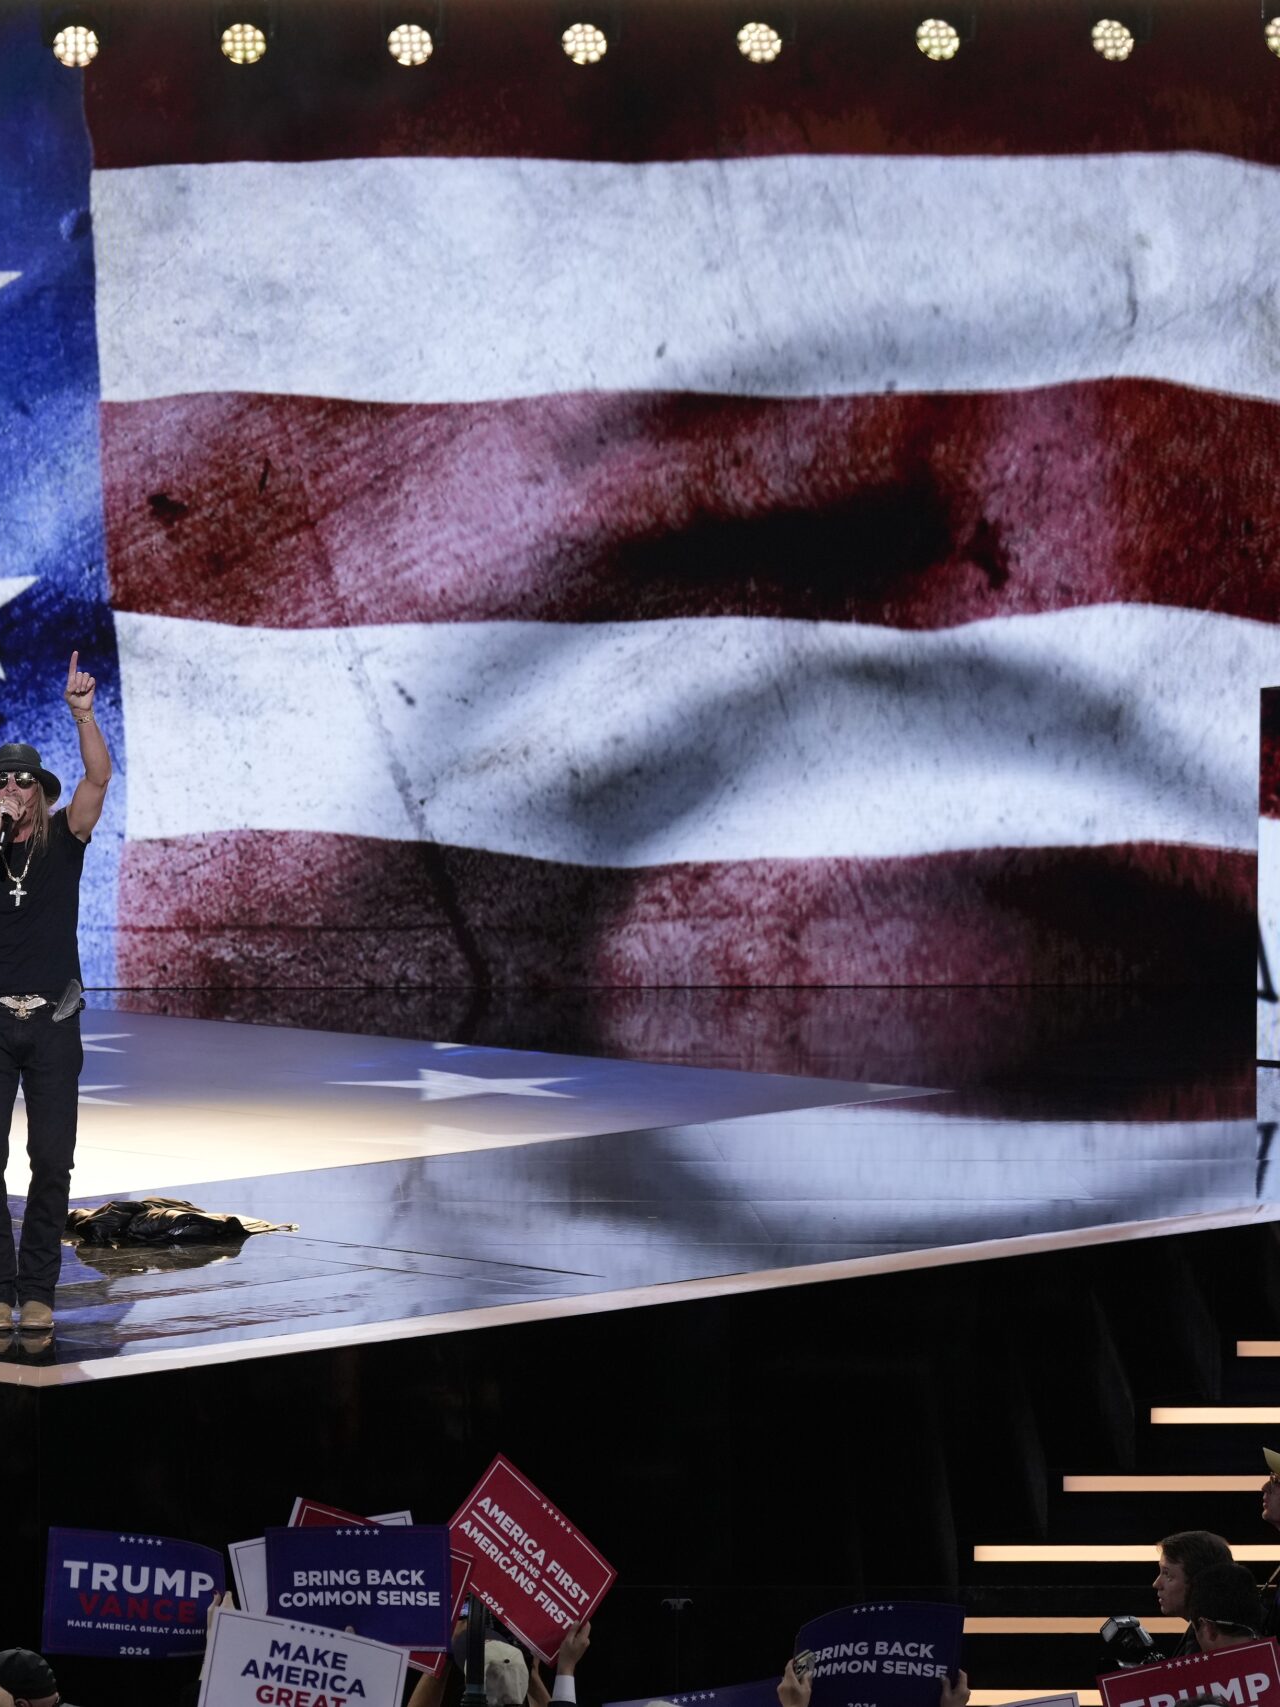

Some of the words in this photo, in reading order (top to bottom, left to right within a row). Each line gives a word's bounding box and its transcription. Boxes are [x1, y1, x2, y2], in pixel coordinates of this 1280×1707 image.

[477, 1496, 546, 1566] AMERICA
[545, 1560, 590, 1606] FIRST
[509, 1547, 541, 1579] MEANS
[62, 1559, 215, 1599] TRUMP
[293, 1569, 361, 1587] BRING
[366, 1569, 426, 1586] BACK
[458, 1520, 537, 1595] AMERICANS
[533, 1590, 575, 1630] FIRST
[79, 1591, 198, 1624] VANCE
[278, 1590, 372, 1608] COMMON
[376, 1590, 441, 1607] SENSE
[480, 1591, 505, 1616] 2024
[67, 1619, 93, 1629] MAKE
[95, 1621, 137, 1632] AMERICA
[139, 1625, 170, 1635] GREAT
[119, 1646, 151, 1656] 2024
[269, 1640, 348, 1672] MAKE
[874, 1641, 935, 1659] BACK
[241, 1659, 366, 1699] AMERICA
[813, 1659, 877, 1679] MMON
[256, 1684, 347, 1707] GREAT
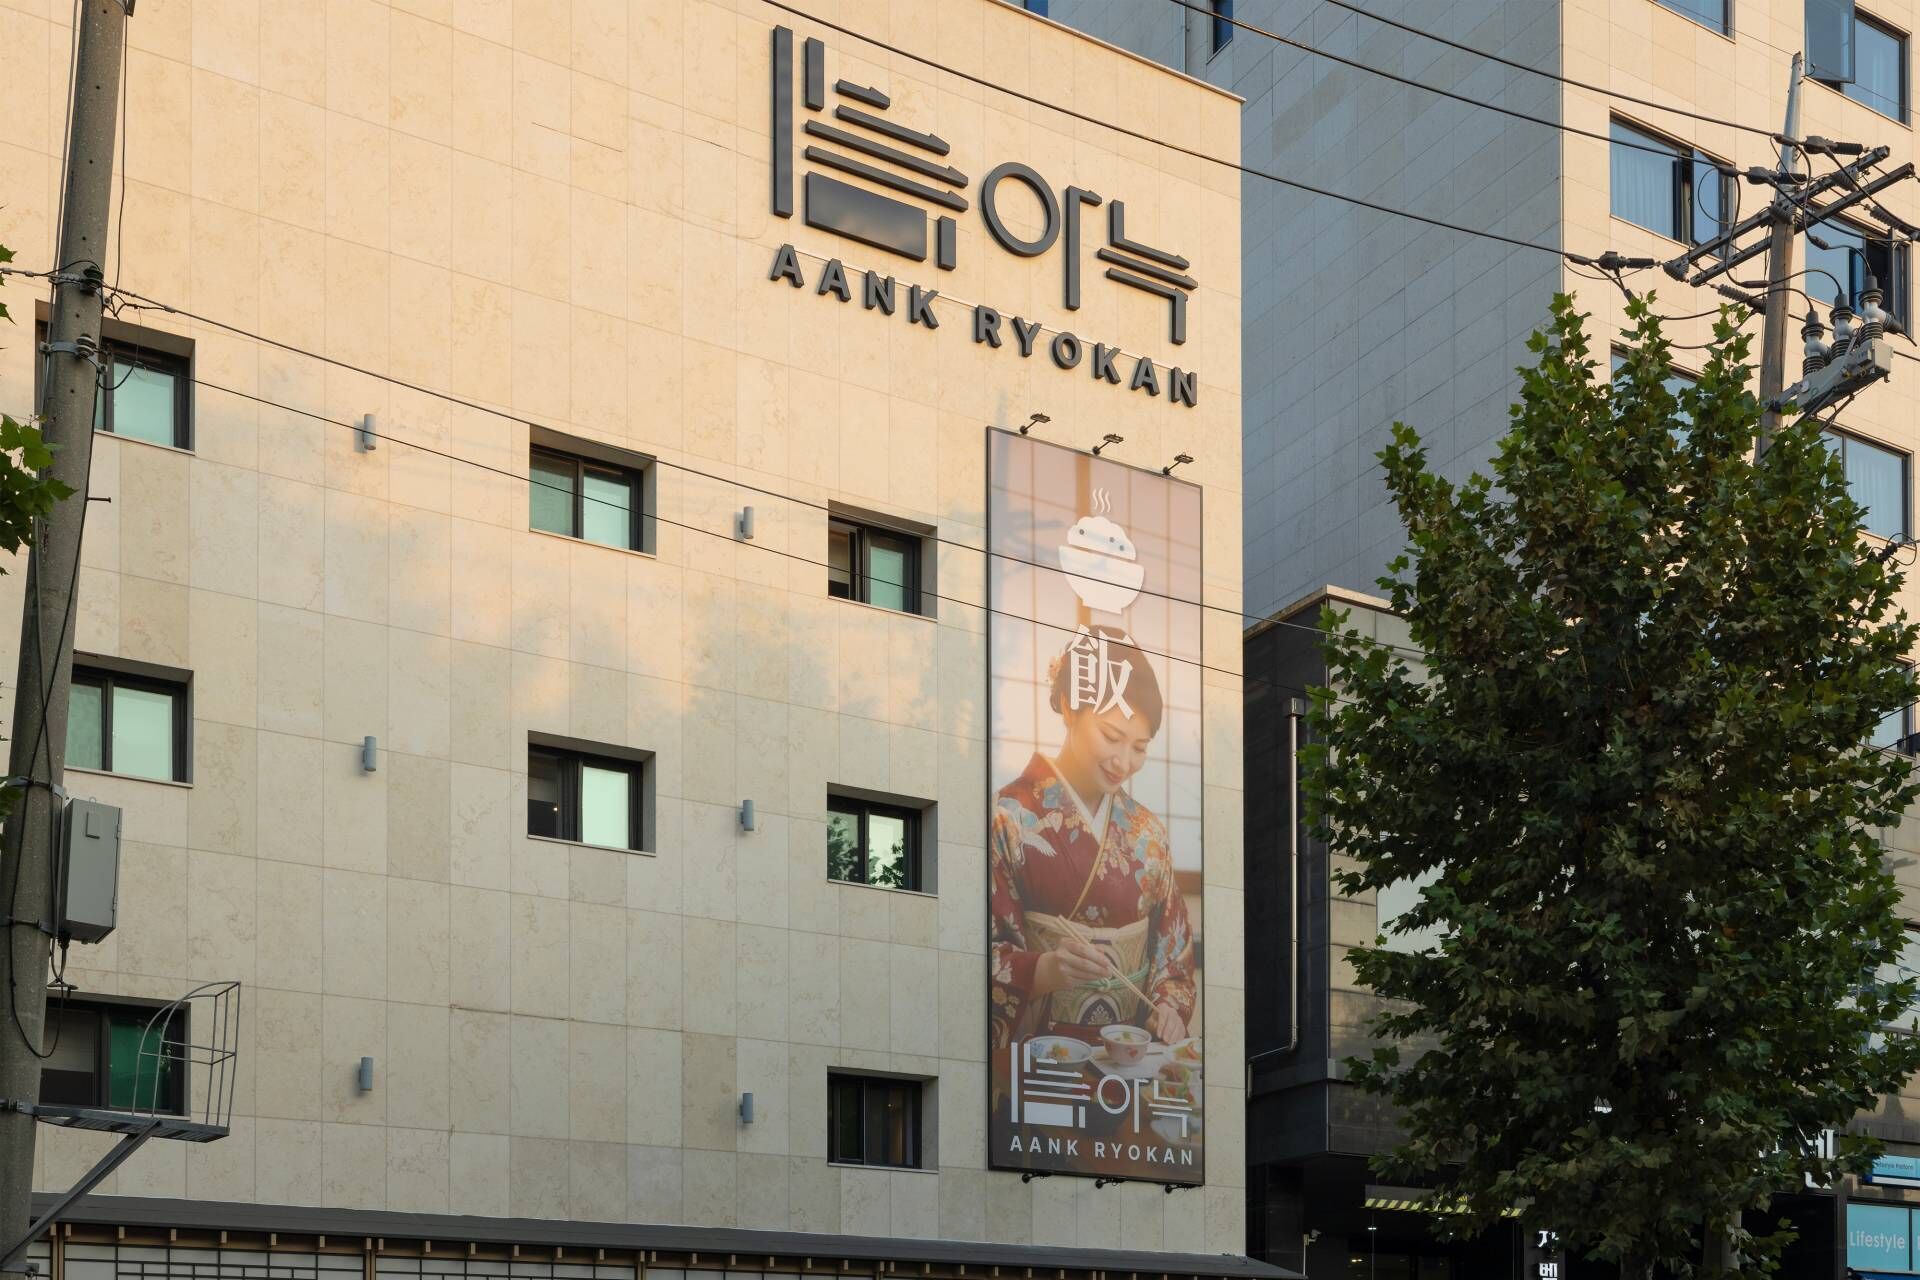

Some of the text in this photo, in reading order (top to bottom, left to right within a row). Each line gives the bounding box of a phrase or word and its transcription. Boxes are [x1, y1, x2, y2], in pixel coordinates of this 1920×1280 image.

[770, 243, 1198, 407] AANK RYOKAN
[1068, 623, 1135, 721] 飯
[1009, 1135, 1193, 1165] AANK RYOKAN
[1849, 1230, 1905, 1253] Lifestyle
+ + + + +
TASK INSTRUCTIONS => In repeating the entries, exclude the pictures and alter nothing else.

TASK OUTPUT =>
Some of the words in this photo, in reading order (top to bottom, left to right within a row). Each line gives a word's bounding box and its transcription. Boxes are [x1, y1, x2, y2], in pixel coordinates of this 1280×1707 image.

[477, 1496, 546, 1566] AMERICA
[545, 1560, 590, 1606] FIRST
[509, 1547, 541, 1579] MEANS
[62, 1559, 215, 1599] TRUMP
[293, 1569, 361, 1587] BRING
[366, 1569, 426, 1586] BACK
[458, 1520, 537, 1595] AMERICANS
[533, 1590, 575, 1630] FIRST
[79, 1591, 198, 1624] VANCE
[278, 1590, 372, 1608] COMMON
[376, 1590, 441, 1607] SENSE
[480, 1591, 505, 1616] 2024
[67, 1619, 93, 1629] MAKE
[95, 1621, 137, 1632] AMERICA
[139, 1625, 170, 1635] GREAT
[119, 1646, 151, 1656] 2024
[269, 1640, 348, 1672] MAKE
[874, 1641, 935, 1659] BACK
[241, 1659, 366, 1699] AMERICA
[813, 1659, 877, 1679] MMON
[256, 1684, 347, 1707] GREAT

Some of the text in this photo, in reading order (top to bottom, left to right within a row). Each line gives the bounding box of a phrase or word and its transcription. Boxes are [x1, y1, x2, y2], in pixel coordinates of this 1920×1280 image.

[770, 243, 1198, 407] AANK RYOKAN
[1068, 623, 1135, 721] 飯
[1009, 1135, 1193, 1165] AANK RYOKAN
[1849, 1230, 1905, 1253] Lifestyle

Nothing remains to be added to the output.